## Problem
From the line that contains "this 1920×1440 image." to the last line of the records below, retype each line exactly; leave out everything else.
>>
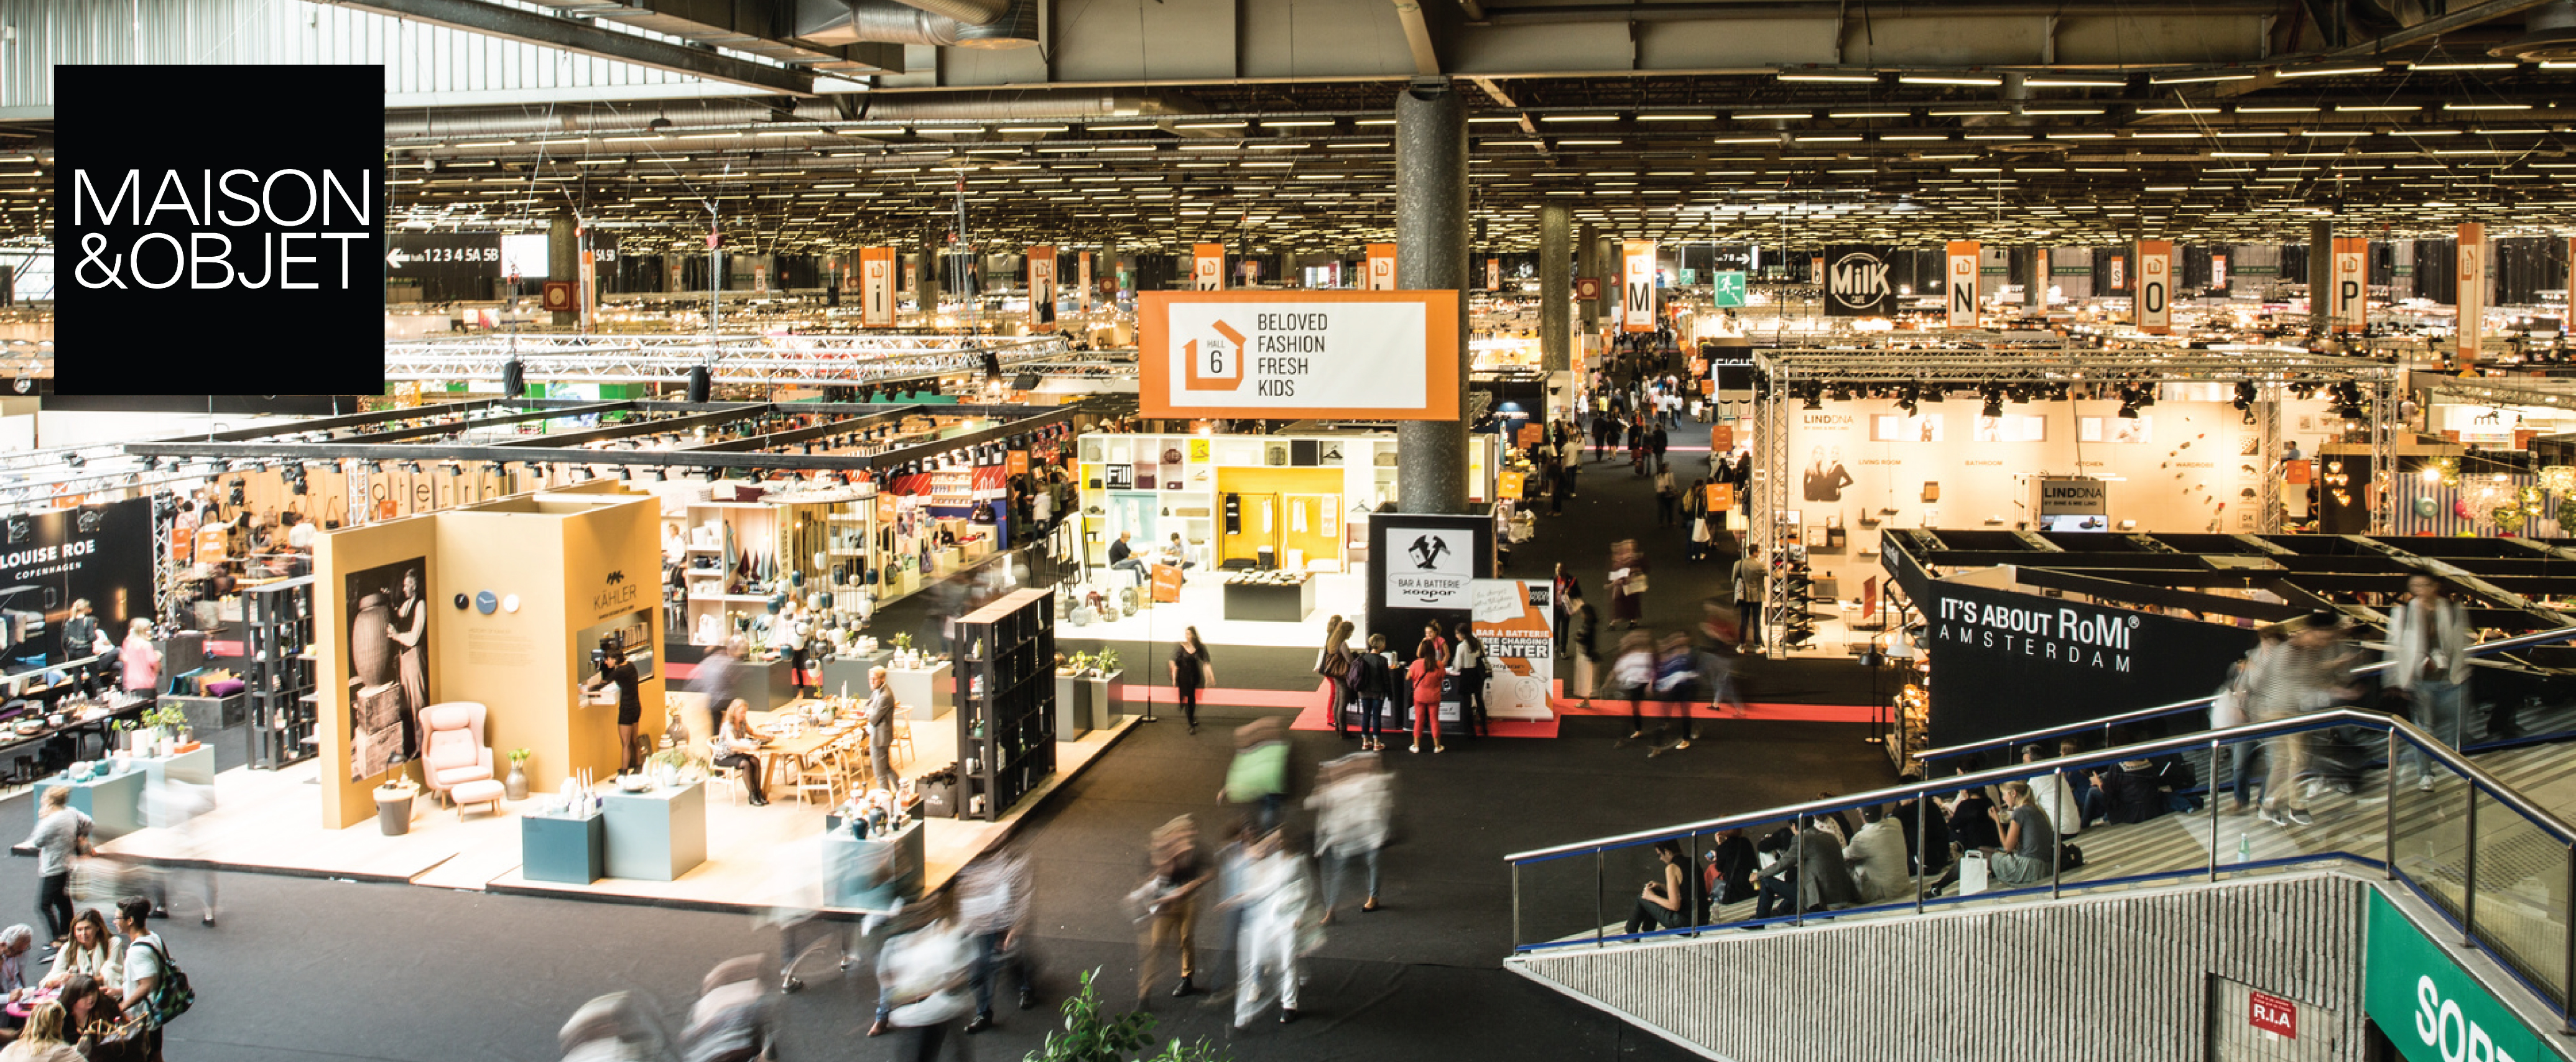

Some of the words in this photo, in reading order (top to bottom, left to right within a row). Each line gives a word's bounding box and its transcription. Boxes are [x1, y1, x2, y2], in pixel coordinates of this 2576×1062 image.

[424, 248, 430, 262] 1
[433, 249, 441, 262] 2
[443, 249, 452, 262] 3
[454, 248, 463, 262] 4
[465, 249, 481, 262] 5A
[483, 249, 499, 262] 5B
[1830, 264, 1891, 295] MilK
[2114, 270, 2121, 283] S
[1629, 283, 1649, 312] M
[1955, 282, 1972, 313] N
[2146, 281, 2163, 312] O
[2342, 280, 2358, 310] P
[1258, 313, 1328, 331] BELOVED
[1207, 340, 1225, 348] HALL
[1258, 335, 1325, 353] FASHION
[1210, 350, 1223, 374] 6
[1258, 357, 1309, 375] FRESH
[1258, 379, 1294, 397] KIDS
[1804, 415, 1854, 423] LINDDNA
[2044, 487, 2103, 498] LINDDNA
[0, 545, 57, 570] LOUISE
[62, 538, 95, 558] ROE
[15, 560, 82, 580] COPENHAGEN
[1398, 578, 1414, 587] BAR
[1424, 579, 1460, 589] BATTERIE
[1940, 597, 1977, 624] IT'S
[1981, 604, 2053, 637] ABOUT
[1939, 624, 2129, 673] AMSTERDAM
[2254, 1004, 2291, 1028] R.I.A
[2415, 974, 2517, 1062] SOR
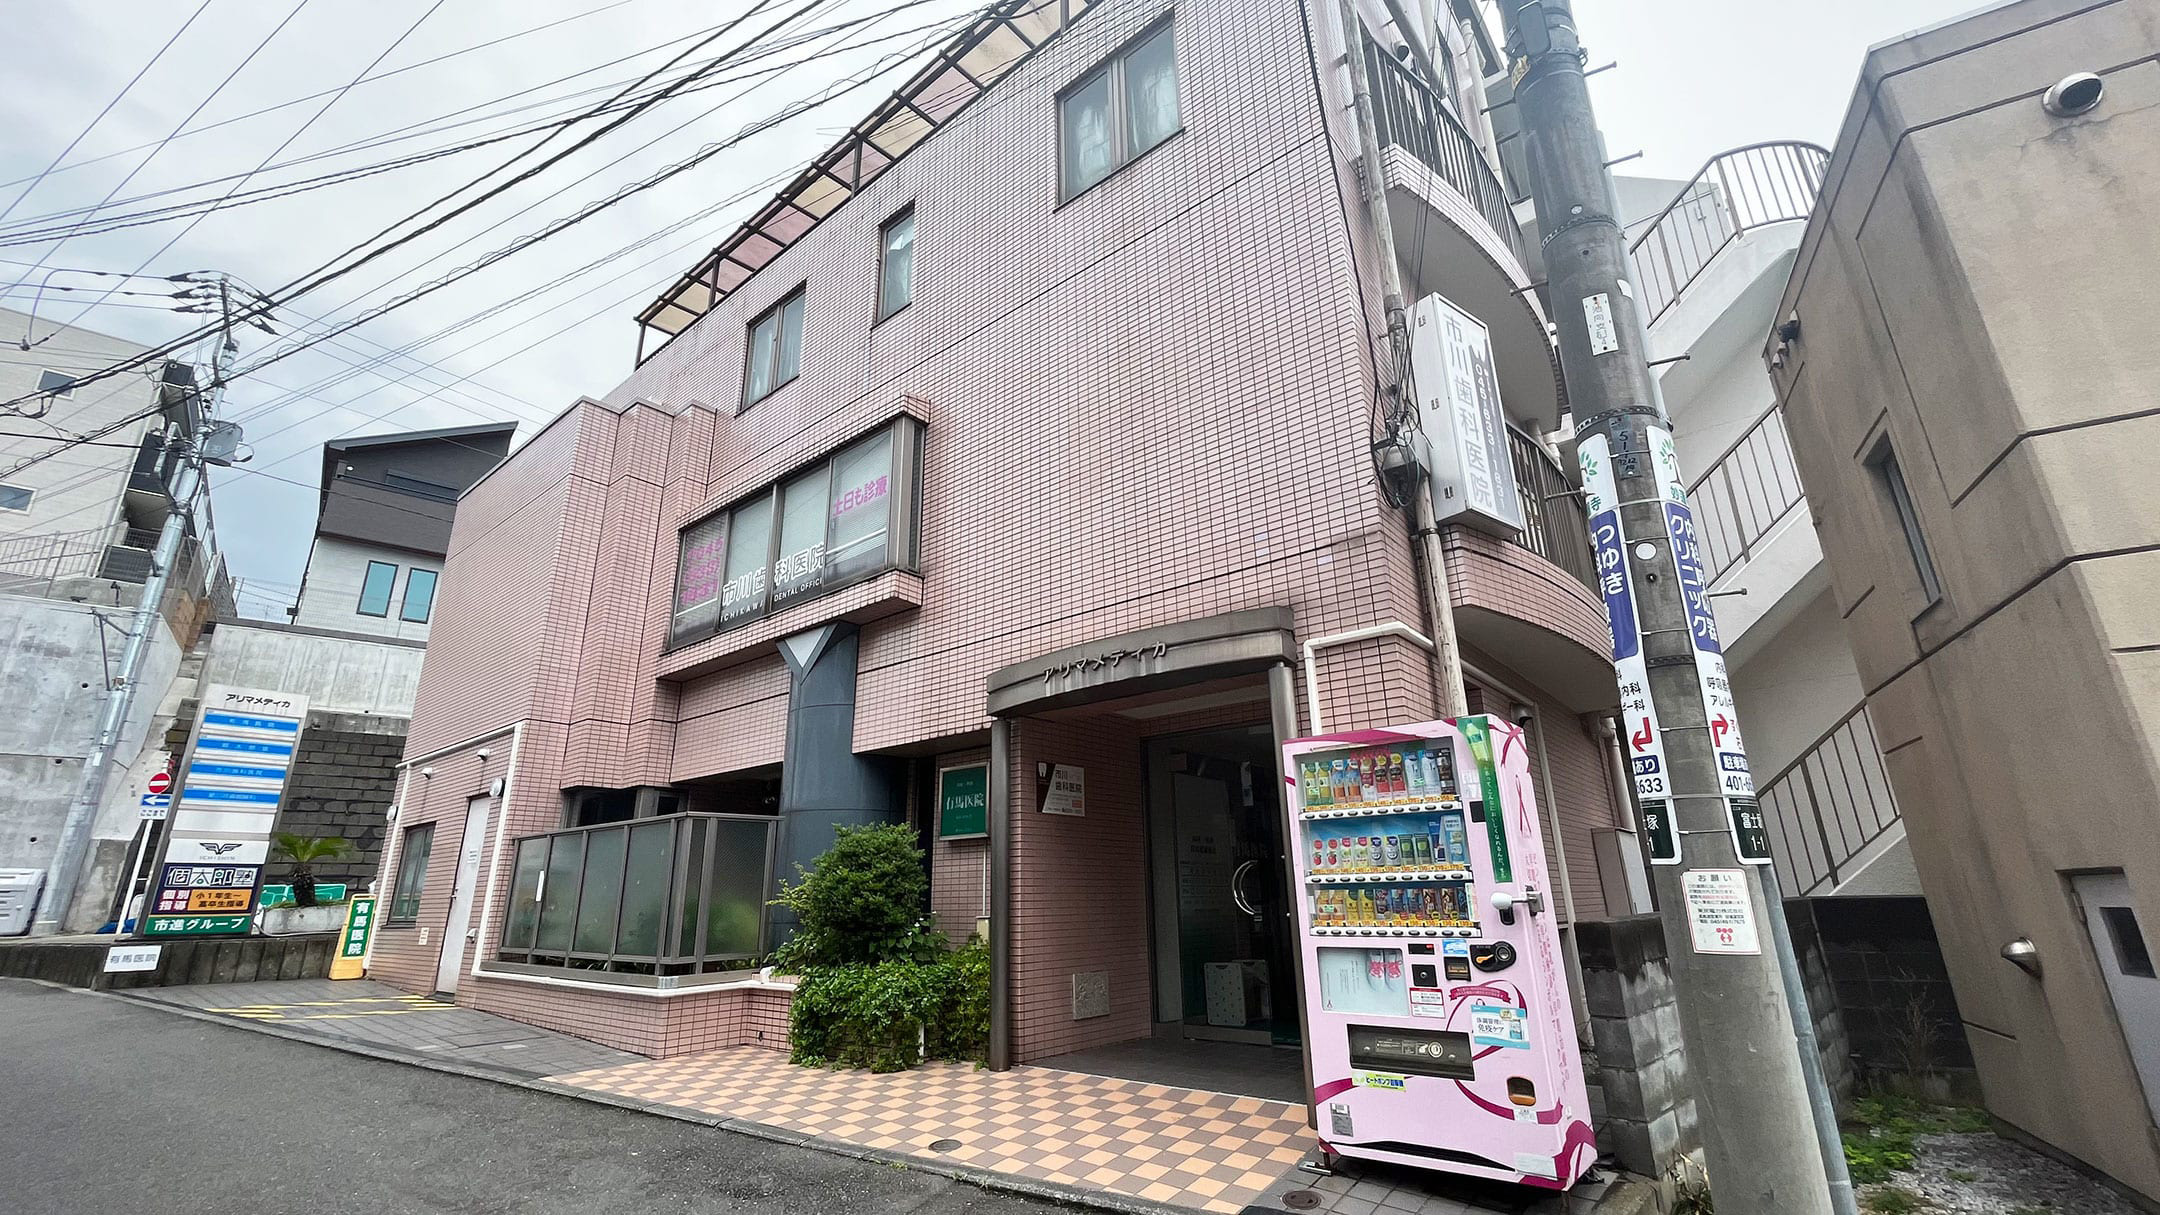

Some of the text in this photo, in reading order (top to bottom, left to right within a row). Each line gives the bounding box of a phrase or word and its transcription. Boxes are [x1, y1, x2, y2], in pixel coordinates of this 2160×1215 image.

[1443, 312, 1493, 508] 市川歯科医院
[832, 475, 888, 517] 土日も診療
[1598, 524, 1624, 596] つゆき
[722, 541, 825, 607] 市川歯科医院
[1670, 514, 1707, 637] クリニック
[774, 585, 799, 602] DENTAL
[1043, 640, 1168, 683] アリマメディカ
[225, 693, 291, 708] アリマメディカ
[946, 792, 985, 810] 有馬医院
[167, 867, 256, 886] 個太郎塾
[162, 889, 191, 899] 個別
[158, 900, 187, 911] 指導
[153, 916, 245, 932] 市進グループ
[347, 901, 371, 956] 有馬医院
[109, 953, 157, 965] 有馬医院
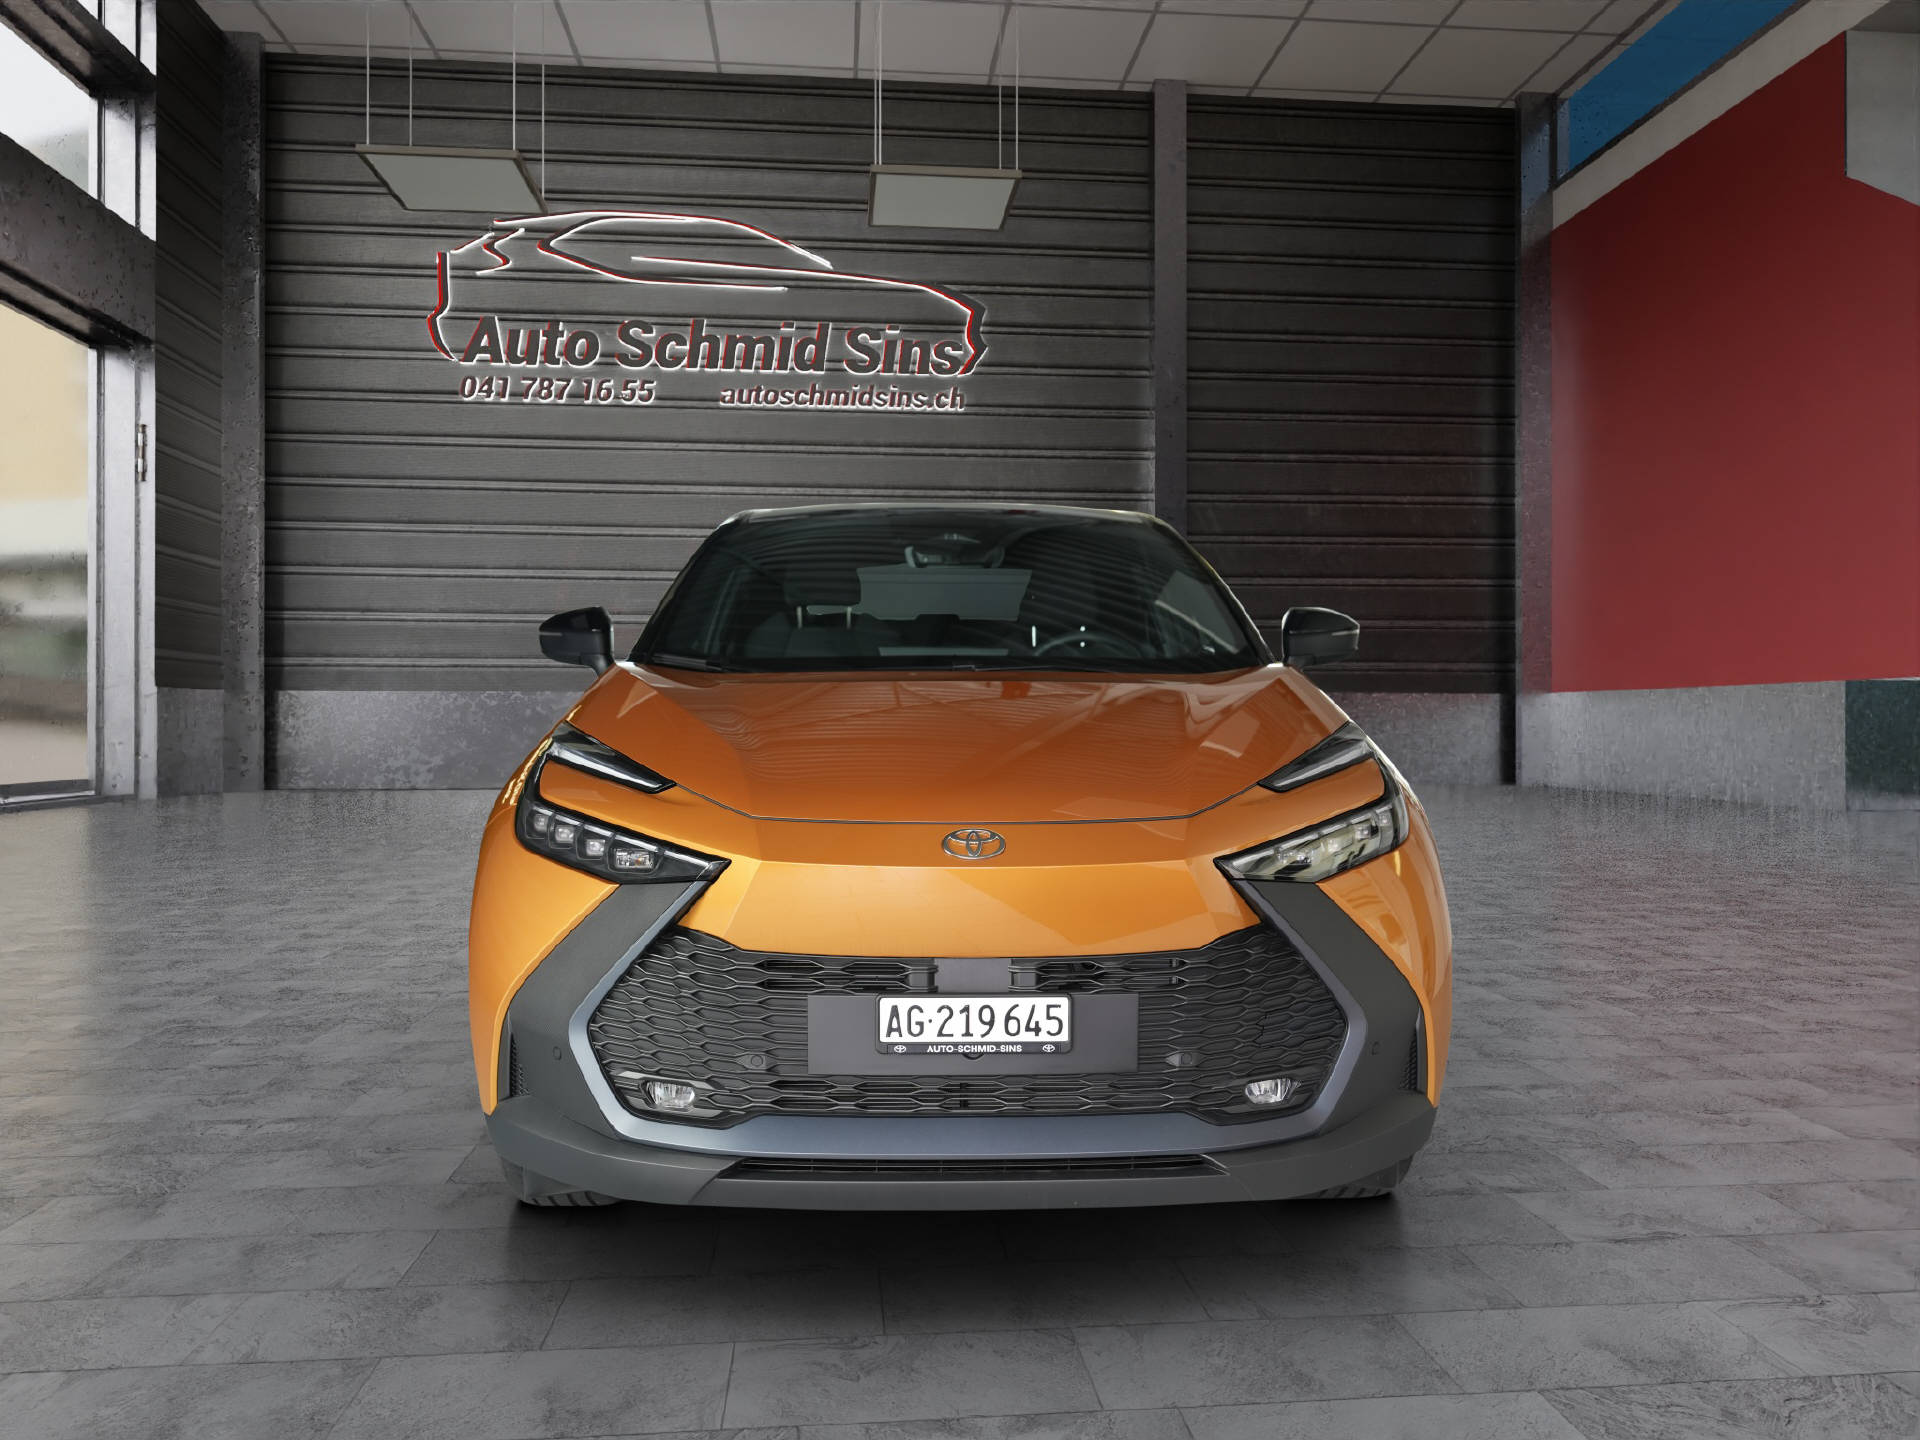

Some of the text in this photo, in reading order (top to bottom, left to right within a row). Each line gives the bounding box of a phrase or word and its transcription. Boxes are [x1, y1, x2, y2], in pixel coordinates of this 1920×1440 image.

[459, 315, 964, 376] Auto Schmid Sins
[460, 376, 657, 405] 041 787 16 55
[719, 383, 966, 411] autoschmidsins.ch
[926, 1044, 1023, 1053] AUTO-SCHMID-SINS
<<
## Worked solution
Some of the text in this photo, in reading order (top to bottom, left to right within a row). Each line gives the bounding box of a phrase or word and its transcription. Boxes are [x1, y1, x2, y2], in pixel coordinates of this 1920×1440 image.

[459, 315, 964, 376] Auto Schmid Sins
[460, 376, 657, 405] 041 787 16 55
[719, 383, 966, 411] autoschmidsins.ch
[926, 1044, 1023, 1053] AUTO-SCHMID-SINS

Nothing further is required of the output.